6:30 - Transaction Monitoring and Money Laundering (Cristi Persic, Oana Ratiu, Ariel Pontes)
Every day, millions of transactions between people or organizations take place, amongst which there might, just might, be some that are suspicious. Our job is to identify these transactions and why they do not fit a normal pattern. Hence, why we built our transaction monitoring platform. We will be talking about the reasons why this platform needed to be both generic and flexible and how we achieved this. We will go on to discuss:
• Why different clients have different needs depending on the information they choose to store on their transactions. Why traditional SQL tables are not entirely suited to this application and why NoSQL is a natural alternative, as we still need all the traditional layers of validation and normalization of external input.
• The challenge of building an engine that is optimised to process large numbers of transactions, whilst at the same time being flexible enough to support all the different styles of analysis that are required to detect money laundering and terrorist financing.
• And in terms of performance how far you can take ORM and when it is acceptable to take matters into your own hands. Finally, we will discuss splitting business logic between python code and database queries.
7:15 - Break
7:30 - Machine Learning Supermarket Paralysis (Cristi Lungu)

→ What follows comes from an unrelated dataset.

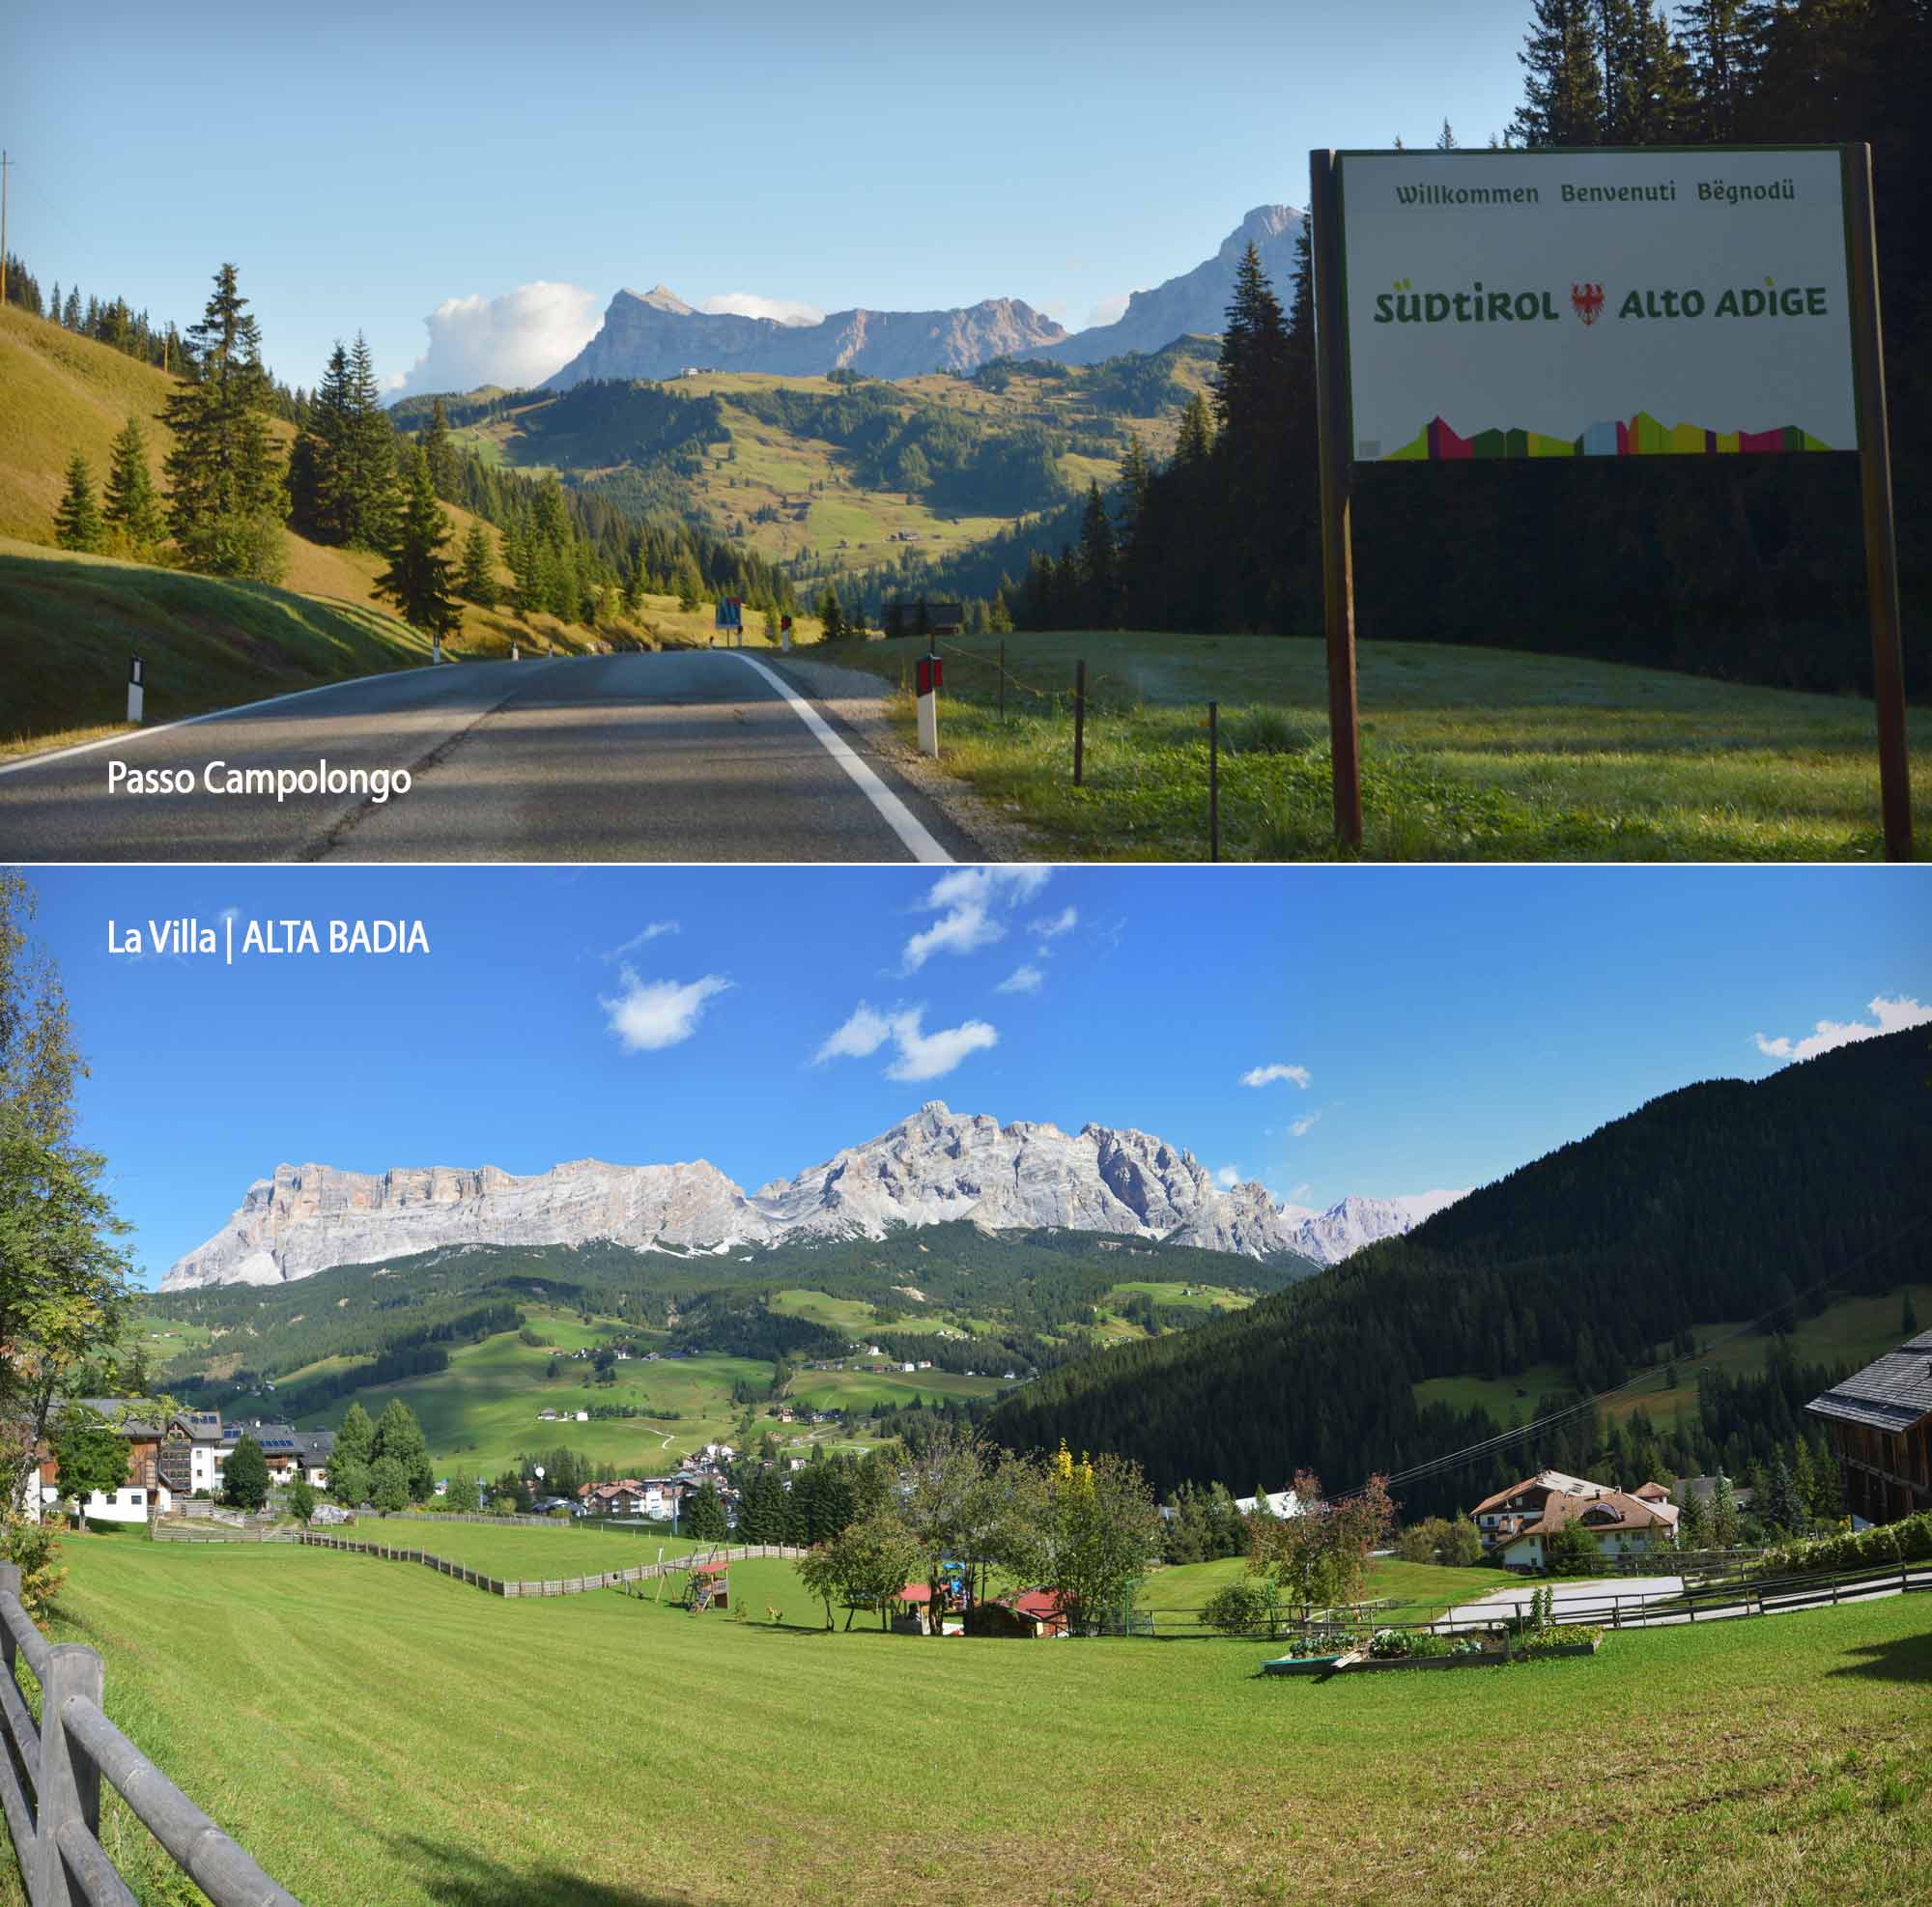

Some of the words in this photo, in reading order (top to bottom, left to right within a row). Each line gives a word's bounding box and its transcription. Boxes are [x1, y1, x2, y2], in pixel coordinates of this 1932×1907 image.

Over the last three years deep learning has exploded in popularity and the quality of the results has greatly improved. Big tech companies have increased their research budgets in order to benefit from this revolution. As a direct consequence several of these (Microsoft, Google, Facebook, Amazon) have released open frameworks for training and developing deep architectures such as: TensorFlow, CNTK, FBLearner, MxNET and Caffe. Beside these, other popular existing frameworks and wrappers coming mainly from academia, have gathered a great deal of support (Theano, Torch7, Scikit-learn, Keras). With such a broad choice, it's no surprise that choosing the "right" Machine Learning (ML) framework can lead to a paradox of choice (especially for beginner ML students). This talk will give an overview of what ML frameworks are and what they do. We will discuss in more detail TensorFlow, Scikit-learn, Theano and Keras, highlighting the pros and cons for each of these frameworks. Finally, we will demonstrate them by applying them to a simple linear regression task.
8:15 - Closing
Ariel Pontes (Python Engineer) studied Computer Engineering at the Catholic University of Rio de Janeiro. After learning Python/Django in his first internship in a fintech startup he fell in love with MVC frameworks, and re-wrote his final year project in Ruby on Rails. In 2014 he moved to Cluj and started working as a full-stack Django developer in a big outsourcing company. Ariel joined ComplyAdvantage in 2016 where he works on the transaction monitoring and screening platforms. Outside of work you can find him participating in activism for local NGOs and preaching about secular ethics.
Oana Ratiu (Python Engineer) graduated from Babes-Bolyai University, Cluj-Napoca, studying computer science, and is currently completing her Master's Degree in Databases. She has worked as a programmer for three years, mostly with Python. Excited to fight terrorism through her work, Oana joined ComplyAdvantage in early 2016, working on a transaction monitoring platform and, more recently, on a screening platform.
Cristian Lungu (Senior Python/ML Engineer) wrote (anti)viruses for fun and profit for 5 years until he realised how much money flows through the stock market. He then spent his next 5 years coding derivatives, futures and options. Somehow, he was kidnapped and dropped on this startup ship called ComplyAdvantage where fighting terrorists and money laundering with machine learning is the only way to get a meal. As a result of this event, he challenged himself to actually finish his lifelong hobby, a PhD in machine learning, this century. When he doesn't code he's probably teaching bubble sort at the UTCN or conducting practical studies of gradient descent on some mountains.